=== Begin Enclosure ===

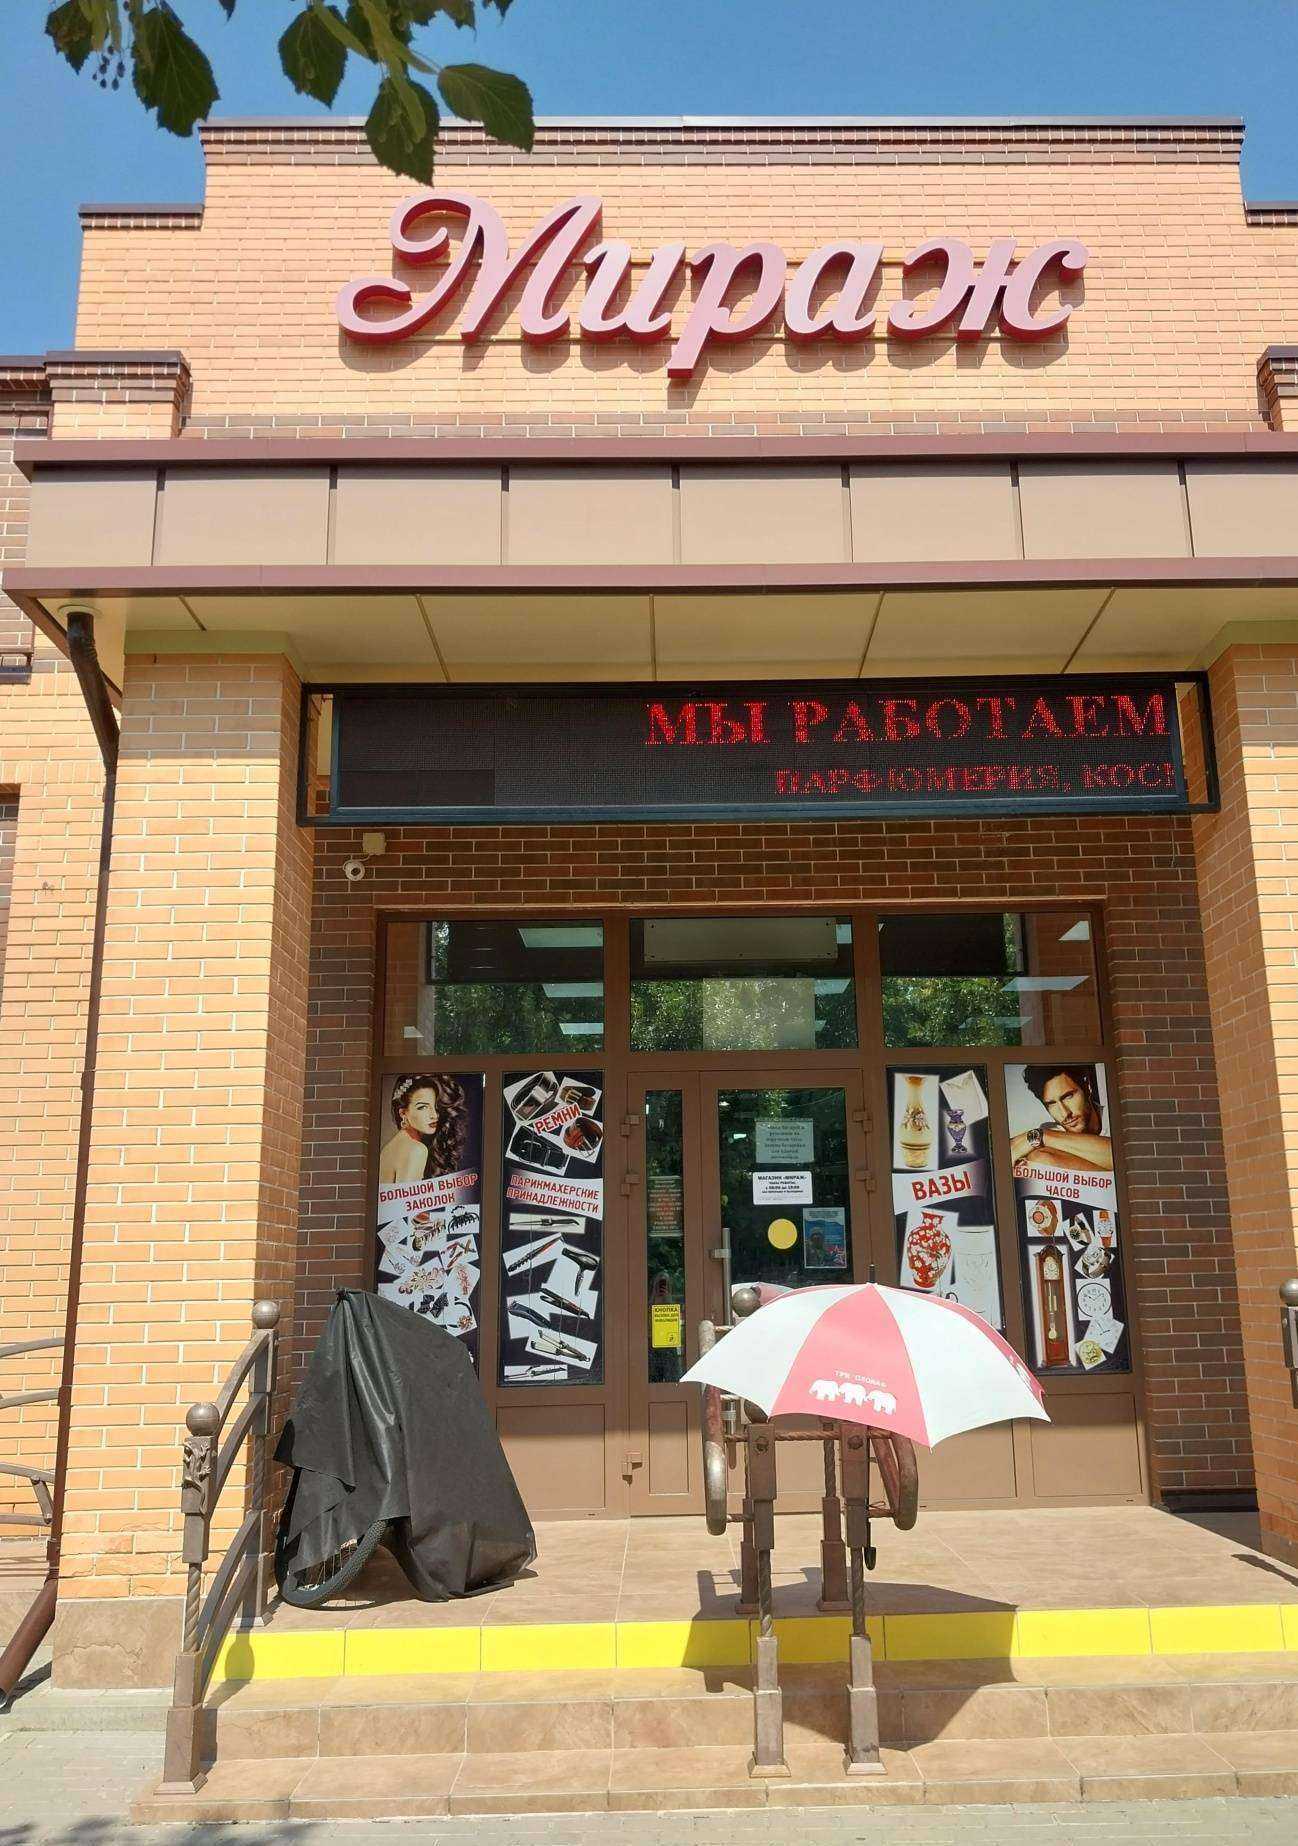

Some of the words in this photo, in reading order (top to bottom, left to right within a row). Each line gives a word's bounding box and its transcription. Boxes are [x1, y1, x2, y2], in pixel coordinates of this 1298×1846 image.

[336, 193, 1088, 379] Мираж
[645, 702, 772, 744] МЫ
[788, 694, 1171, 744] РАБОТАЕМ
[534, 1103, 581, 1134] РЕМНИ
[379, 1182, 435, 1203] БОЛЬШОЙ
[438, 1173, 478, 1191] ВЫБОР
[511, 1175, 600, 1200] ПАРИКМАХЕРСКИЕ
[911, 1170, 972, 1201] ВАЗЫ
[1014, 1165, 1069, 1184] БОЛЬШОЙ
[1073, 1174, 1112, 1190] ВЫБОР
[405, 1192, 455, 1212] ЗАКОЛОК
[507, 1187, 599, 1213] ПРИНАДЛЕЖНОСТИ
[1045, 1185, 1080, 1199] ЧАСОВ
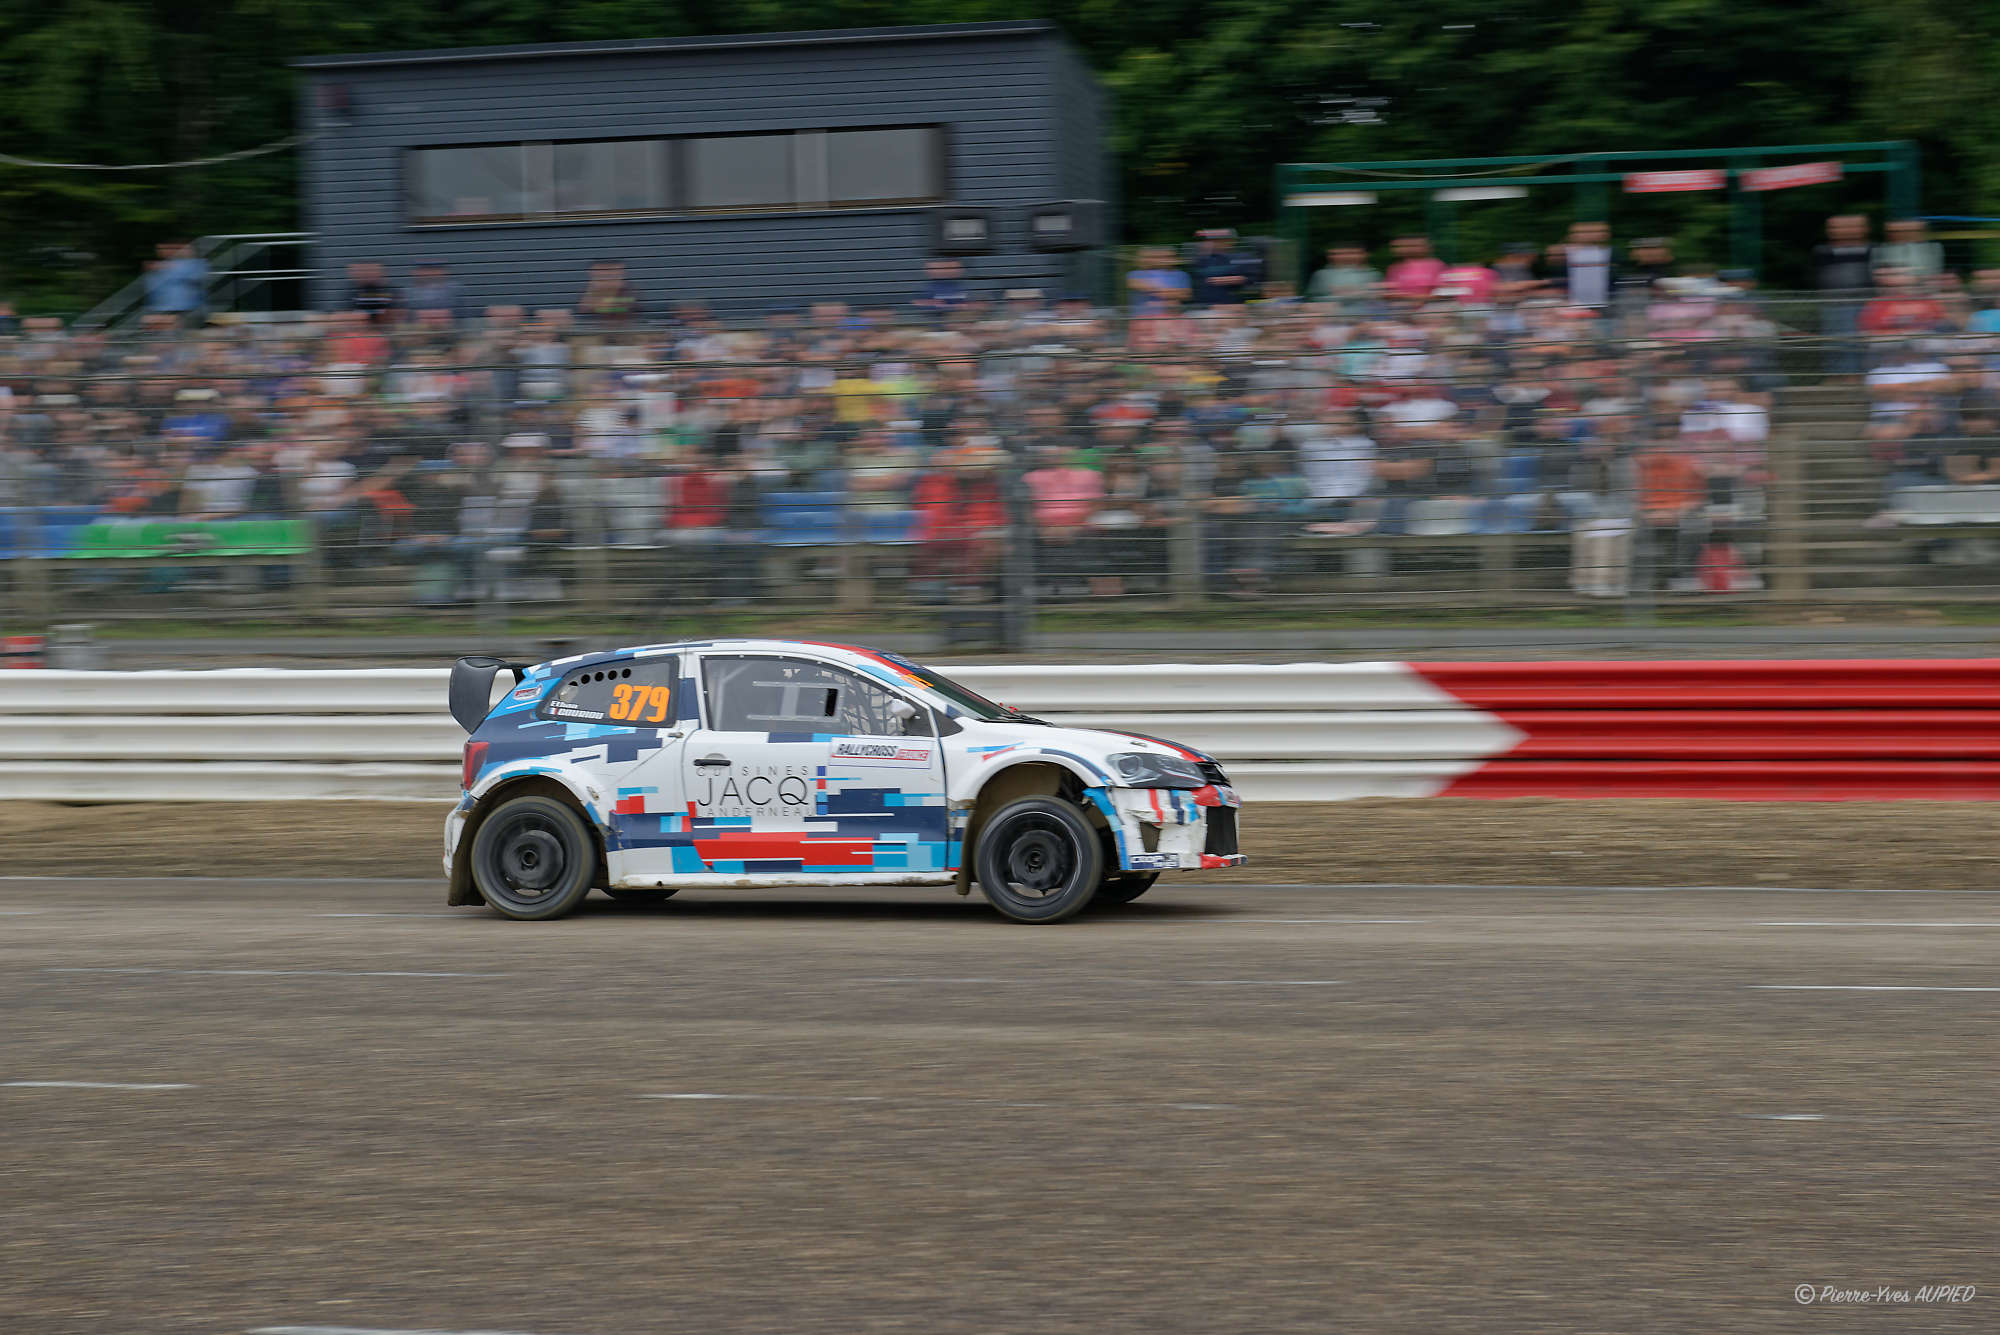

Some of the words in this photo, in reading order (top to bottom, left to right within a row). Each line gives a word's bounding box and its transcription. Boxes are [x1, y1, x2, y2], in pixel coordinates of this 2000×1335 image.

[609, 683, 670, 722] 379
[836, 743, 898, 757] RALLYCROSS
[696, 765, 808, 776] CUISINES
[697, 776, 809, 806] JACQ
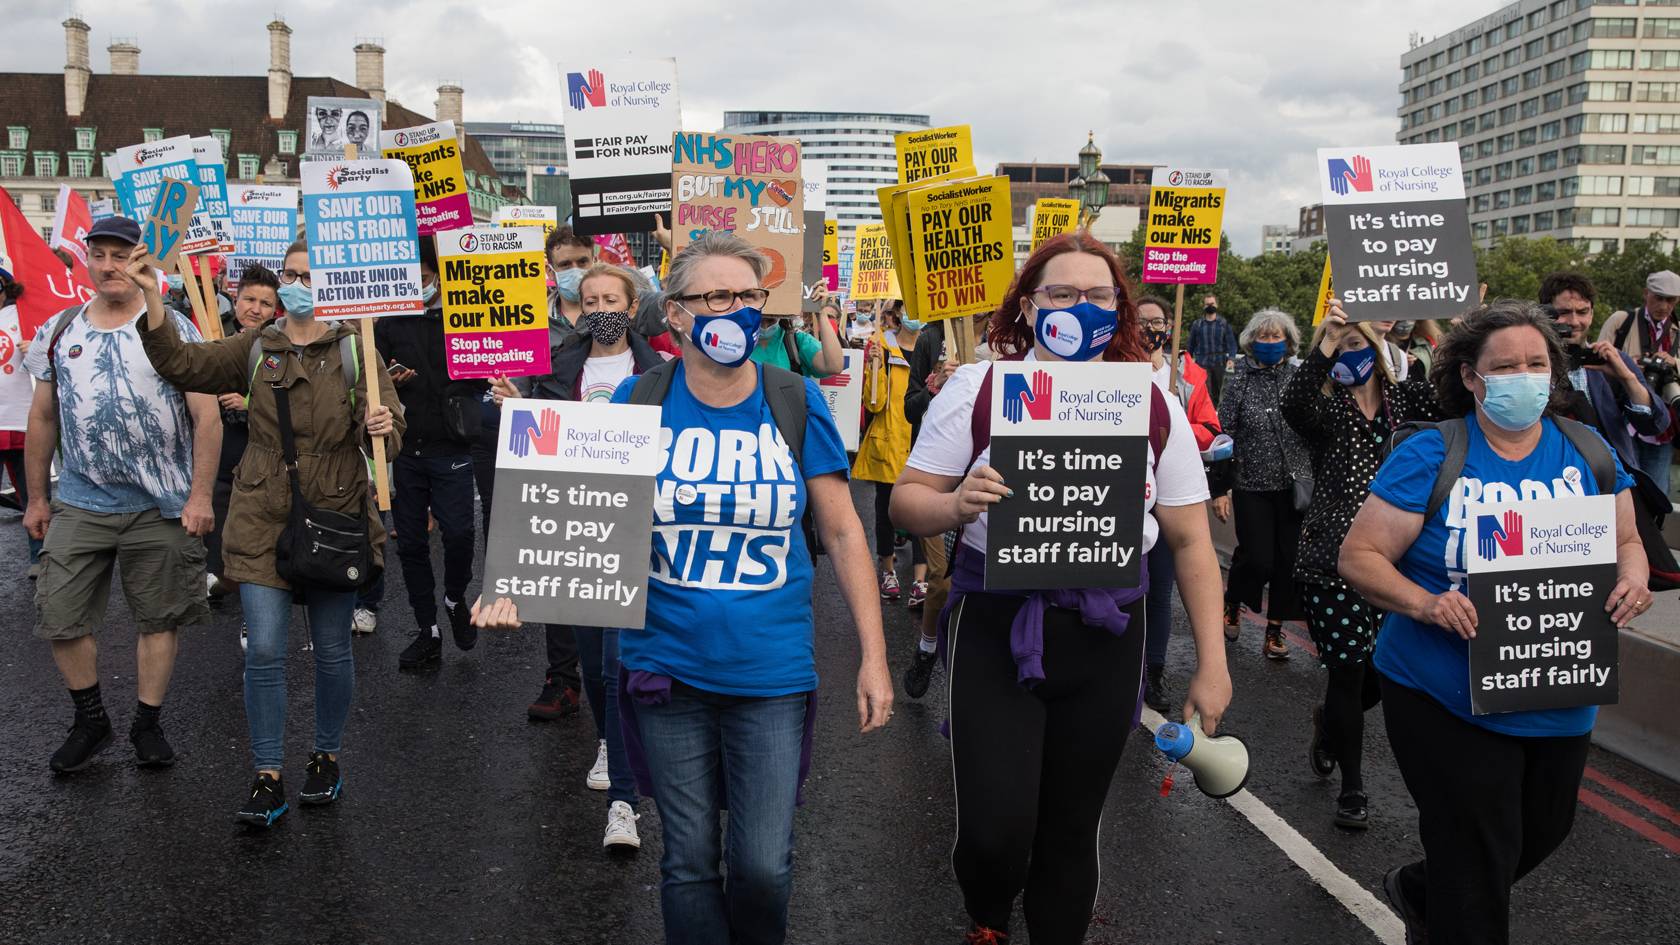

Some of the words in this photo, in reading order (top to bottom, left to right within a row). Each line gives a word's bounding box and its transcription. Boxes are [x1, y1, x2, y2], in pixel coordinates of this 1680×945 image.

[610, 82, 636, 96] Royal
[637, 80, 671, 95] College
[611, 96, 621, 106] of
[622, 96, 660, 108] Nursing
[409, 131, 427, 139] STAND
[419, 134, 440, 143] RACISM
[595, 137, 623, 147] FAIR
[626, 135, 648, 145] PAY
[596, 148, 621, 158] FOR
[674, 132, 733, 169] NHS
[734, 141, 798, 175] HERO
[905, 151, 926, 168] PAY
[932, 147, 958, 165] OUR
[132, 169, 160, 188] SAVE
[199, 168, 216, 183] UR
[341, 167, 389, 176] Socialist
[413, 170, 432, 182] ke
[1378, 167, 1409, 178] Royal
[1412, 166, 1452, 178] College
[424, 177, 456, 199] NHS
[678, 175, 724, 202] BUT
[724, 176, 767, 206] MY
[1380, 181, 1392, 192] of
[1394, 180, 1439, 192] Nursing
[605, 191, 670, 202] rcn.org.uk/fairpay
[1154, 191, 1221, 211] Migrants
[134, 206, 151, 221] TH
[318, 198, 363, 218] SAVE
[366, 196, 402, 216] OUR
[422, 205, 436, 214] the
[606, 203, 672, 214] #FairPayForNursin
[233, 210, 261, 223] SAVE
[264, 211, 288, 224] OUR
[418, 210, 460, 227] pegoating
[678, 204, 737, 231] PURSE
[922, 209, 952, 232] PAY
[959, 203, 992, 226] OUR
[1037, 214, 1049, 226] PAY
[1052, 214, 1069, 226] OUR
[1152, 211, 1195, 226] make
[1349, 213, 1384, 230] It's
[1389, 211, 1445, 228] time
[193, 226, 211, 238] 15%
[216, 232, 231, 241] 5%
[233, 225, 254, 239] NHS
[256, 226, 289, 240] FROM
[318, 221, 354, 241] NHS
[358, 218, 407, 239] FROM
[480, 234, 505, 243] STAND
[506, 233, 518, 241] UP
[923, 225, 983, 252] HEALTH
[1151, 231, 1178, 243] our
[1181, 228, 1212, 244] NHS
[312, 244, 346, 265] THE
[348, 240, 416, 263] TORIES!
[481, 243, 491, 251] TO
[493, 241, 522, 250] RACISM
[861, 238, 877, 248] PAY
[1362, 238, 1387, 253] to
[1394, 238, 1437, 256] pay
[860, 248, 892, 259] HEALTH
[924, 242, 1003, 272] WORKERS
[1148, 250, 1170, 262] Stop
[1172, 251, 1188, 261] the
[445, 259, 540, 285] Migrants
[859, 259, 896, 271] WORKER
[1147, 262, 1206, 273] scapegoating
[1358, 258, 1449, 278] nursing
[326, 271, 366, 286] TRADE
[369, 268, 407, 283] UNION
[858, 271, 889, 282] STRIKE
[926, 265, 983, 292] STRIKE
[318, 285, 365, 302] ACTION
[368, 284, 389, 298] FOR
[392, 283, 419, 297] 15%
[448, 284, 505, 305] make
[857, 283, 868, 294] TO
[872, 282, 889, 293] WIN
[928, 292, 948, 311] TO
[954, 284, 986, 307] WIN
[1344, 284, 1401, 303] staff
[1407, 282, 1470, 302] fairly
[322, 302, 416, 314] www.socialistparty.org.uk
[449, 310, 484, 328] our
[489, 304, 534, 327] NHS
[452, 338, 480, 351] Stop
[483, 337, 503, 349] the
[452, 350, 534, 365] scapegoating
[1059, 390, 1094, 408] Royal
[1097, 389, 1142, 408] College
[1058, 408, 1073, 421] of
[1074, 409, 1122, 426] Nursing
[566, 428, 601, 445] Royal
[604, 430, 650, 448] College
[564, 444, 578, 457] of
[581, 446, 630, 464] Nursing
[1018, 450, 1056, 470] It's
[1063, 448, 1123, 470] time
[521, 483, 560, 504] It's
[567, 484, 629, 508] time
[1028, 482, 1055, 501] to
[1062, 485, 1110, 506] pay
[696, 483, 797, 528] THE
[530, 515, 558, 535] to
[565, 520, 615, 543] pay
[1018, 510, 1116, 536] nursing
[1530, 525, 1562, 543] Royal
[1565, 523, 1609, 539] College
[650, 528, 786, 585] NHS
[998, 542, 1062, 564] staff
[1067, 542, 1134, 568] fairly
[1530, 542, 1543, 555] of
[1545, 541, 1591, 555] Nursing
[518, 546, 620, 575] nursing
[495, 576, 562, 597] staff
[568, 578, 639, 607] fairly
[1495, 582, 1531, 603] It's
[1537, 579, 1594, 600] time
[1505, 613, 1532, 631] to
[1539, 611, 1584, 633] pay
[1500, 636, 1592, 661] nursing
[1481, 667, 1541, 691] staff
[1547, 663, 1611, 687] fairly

=== End Enclosure ===

WHAT IS NEEDED. Would you please copy each line of the listing that contains the word "FROM"?

REPLY TO THE EXERCISE.
[256, 226, 289, 240] FROM
[358, 218, 407, 239] FROM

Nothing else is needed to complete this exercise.